◆ YOUR ASSIGNMENT ◆
An exact copy of the data is required; the images should not appear in it.
***
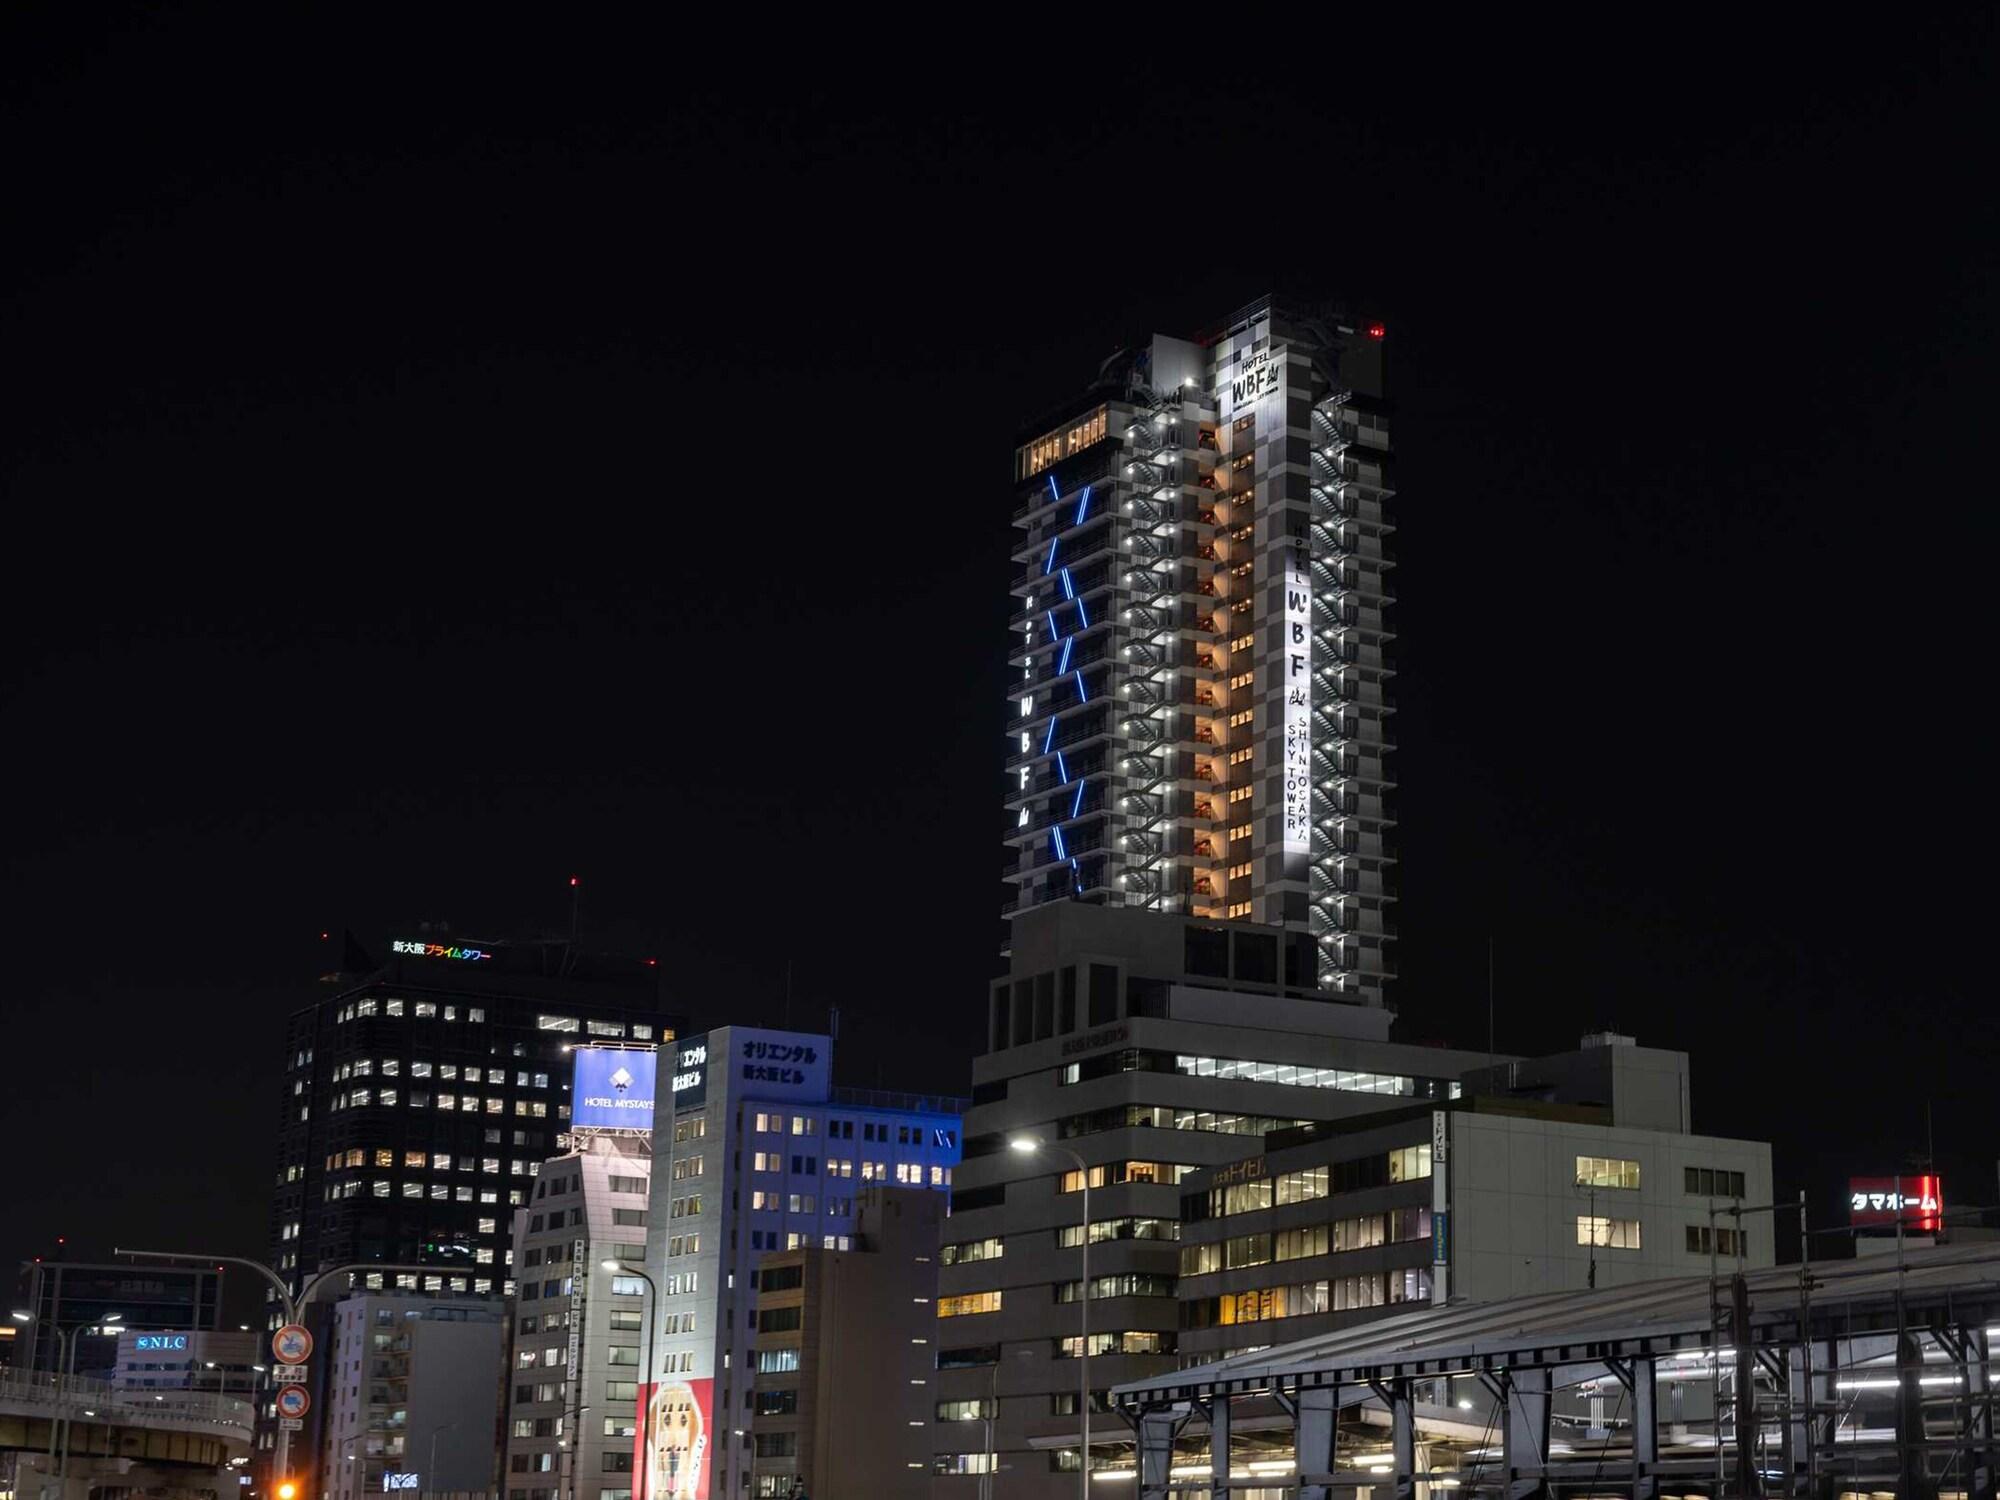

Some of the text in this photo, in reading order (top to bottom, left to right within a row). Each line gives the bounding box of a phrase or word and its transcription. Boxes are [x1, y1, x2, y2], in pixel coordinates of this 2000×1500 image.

[1241, 352, 1270, 375] HOTEL
[1232, 367, 1266, 403] WBF
[1295, 527, 1303, 584] HOTEL
[1288, 590, 1307, 677] WBF
[1020, 596, 1033, 790] HOTEL WBF
[1287, 725, 1297, 829] SKY TOWER
[393, 940, 491, 960] 新大阪プライムタワー
[743, 1041, 817, 1065] オリエンタル
[743, 1064, 804, 1084] 新大阪ビル
[584, 1097, 655, 1110] HOTEL MYSTAYS
[1851, 1192, 1938, 1210] タマホーム
[150, 1336, 184, 1348] NLC
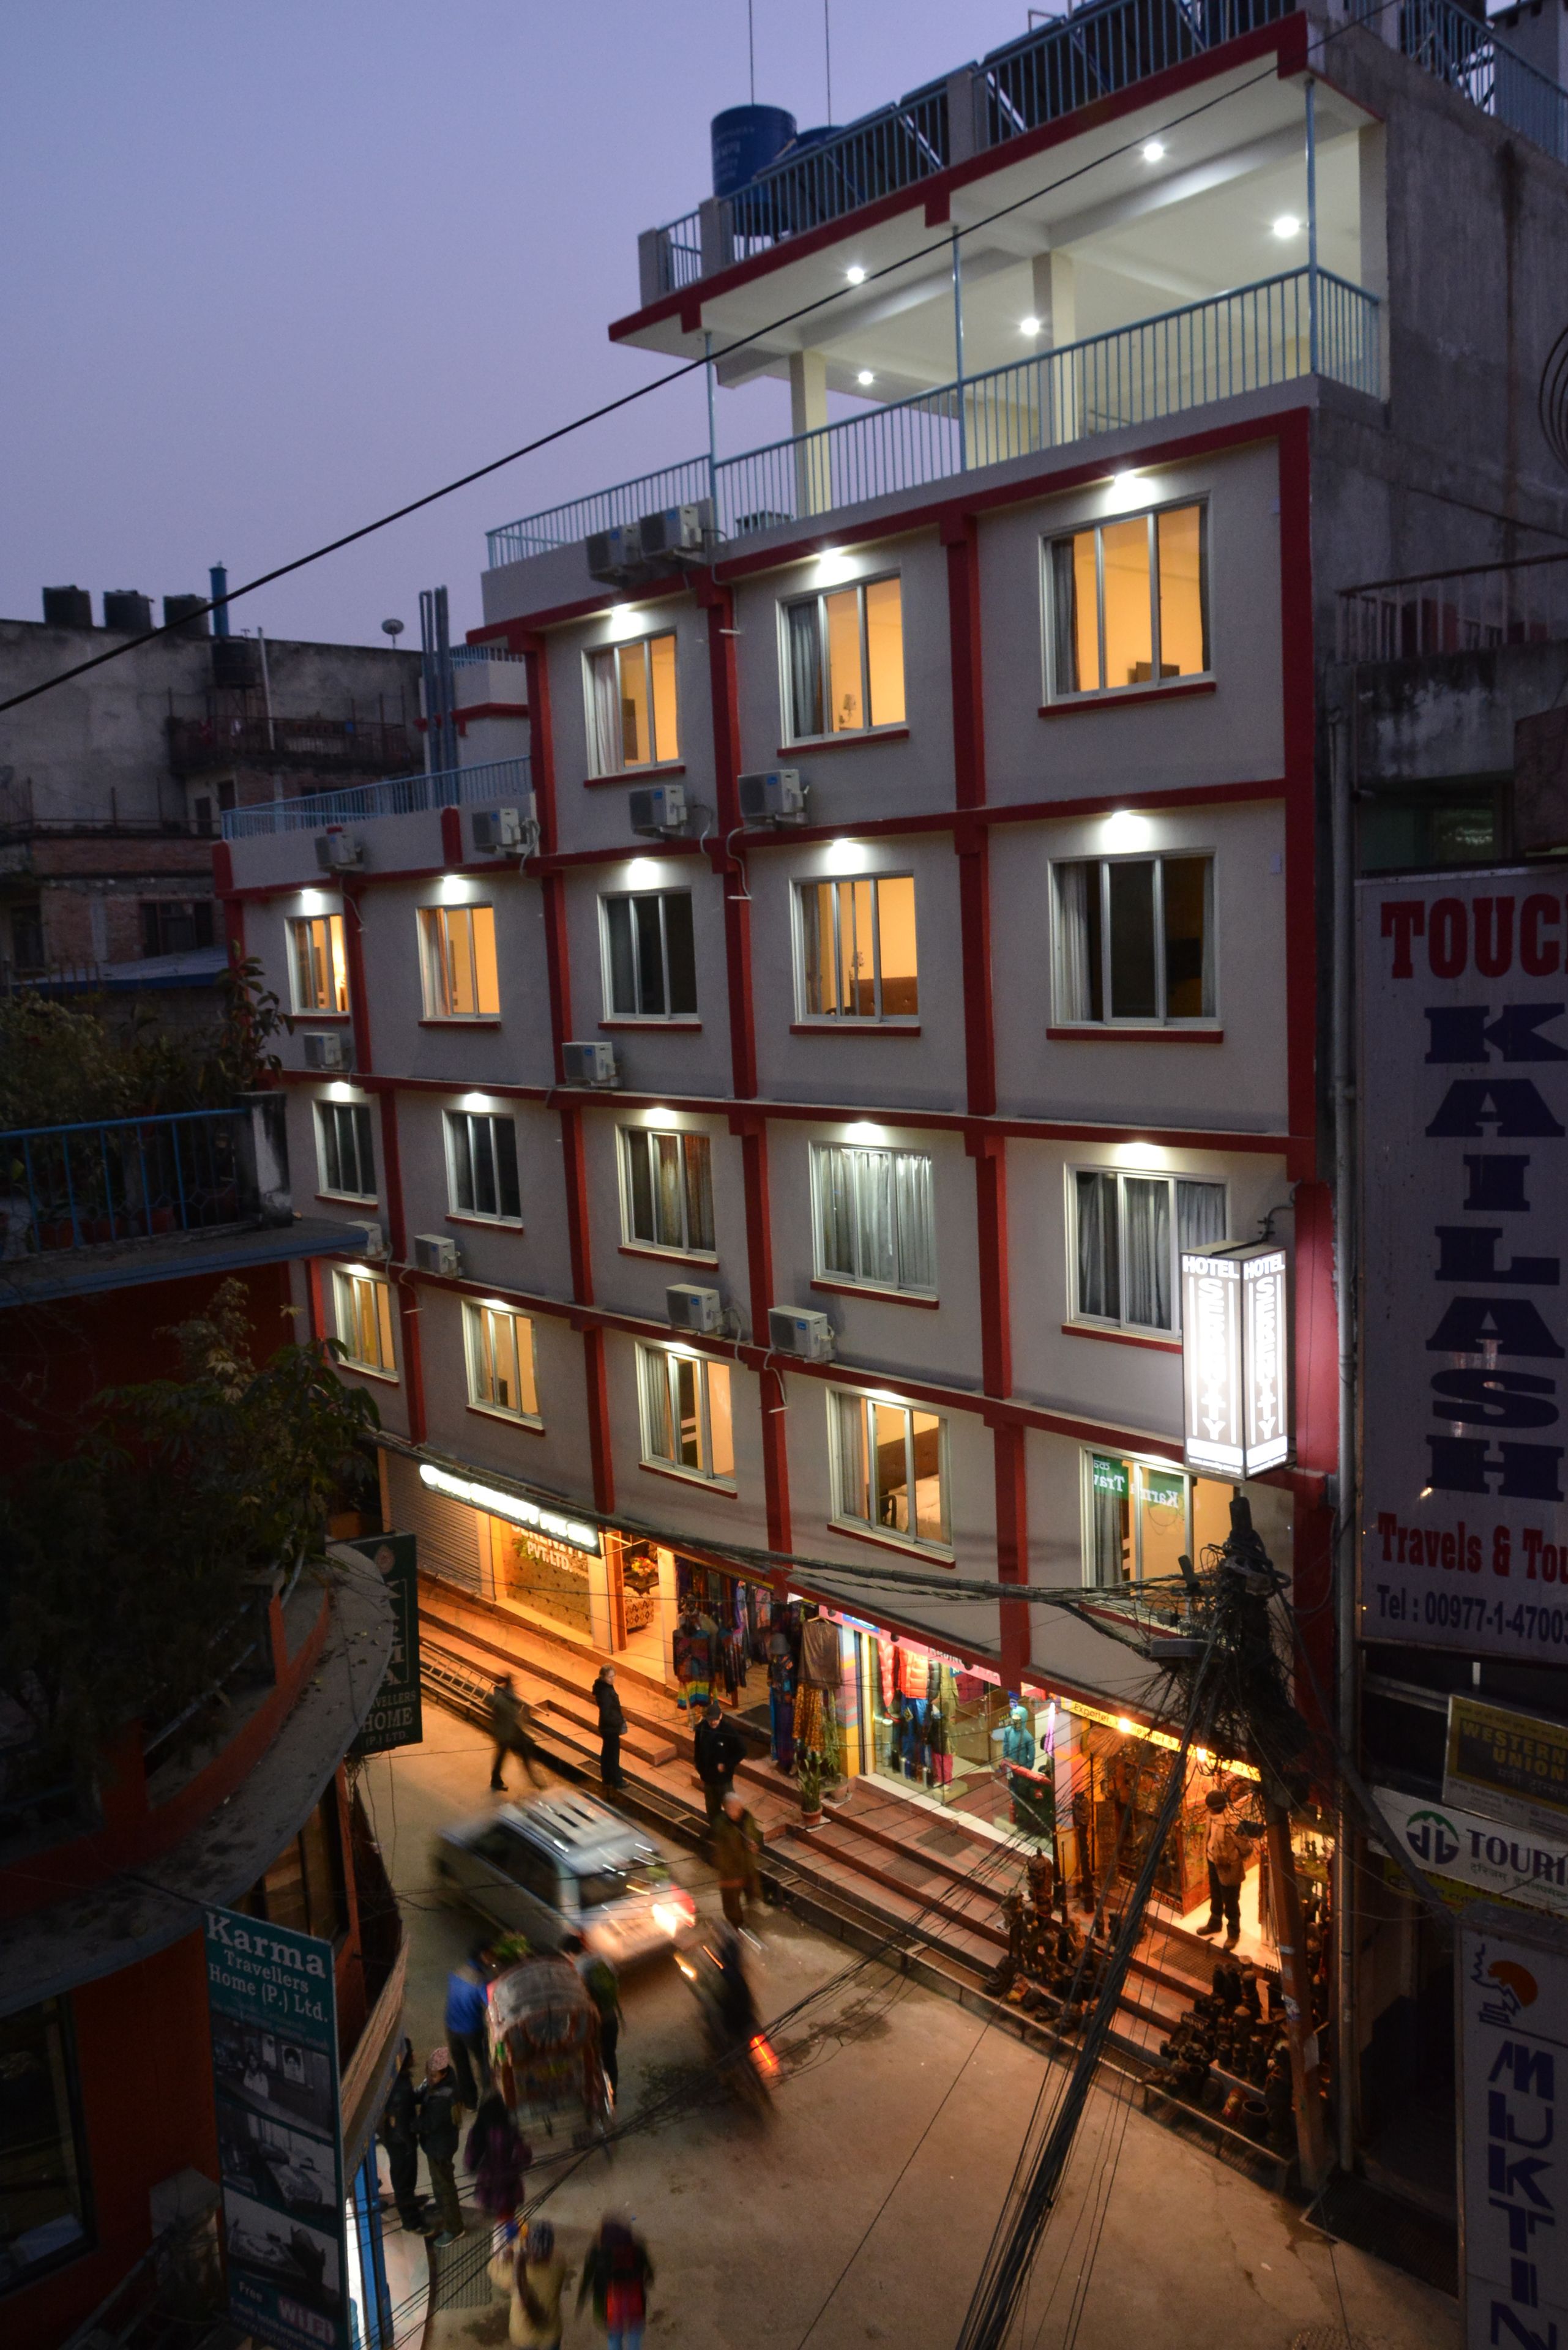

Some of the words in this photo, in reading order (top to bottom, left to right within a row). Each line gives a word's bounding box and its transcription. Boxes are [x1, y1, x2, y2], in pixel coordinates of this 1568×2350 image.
***
◆ RESPONSE AREA ◆
Some of the text in this photo, in reading order (top to bottom, left to right within a row). Each line gives the bounding box of a phrase or word and its transcription. Boxes are [x1, y1, x2, y2], in pixel coordinates of this 2000×1500 image.

[1241, 352, 1270, 375] HOTEL
[1232, 367, 1266, 403] WBF
[1295, 527, 1303, 584] HOTEL
[1288, 590, 1307, 677] WBF
[1020, 596, 1033, 790] HOTEL WBF
[1287, 725, 1297, 829] SKY TOWER
[393, 940, 491, 960] 新大阪プライムタワー
[743, 1041, 817, 1065] オリエンタル
[743, 1064, 804, 1084] 新大阪ビル
[584, 1097, 655, 1110] HOTEL MYSTAYS
[1851, 1192, 1938, 1210] タマホーム
[150, 1336, 184, 1348] NLC

Some of the words in this photo, in reading order (top to bottom, left to right within a row). Each line gives a word's bounding box and its transcription. Boxes are [x1, y1, x2, y2], in pixel coordinates of this 1568×2350 image.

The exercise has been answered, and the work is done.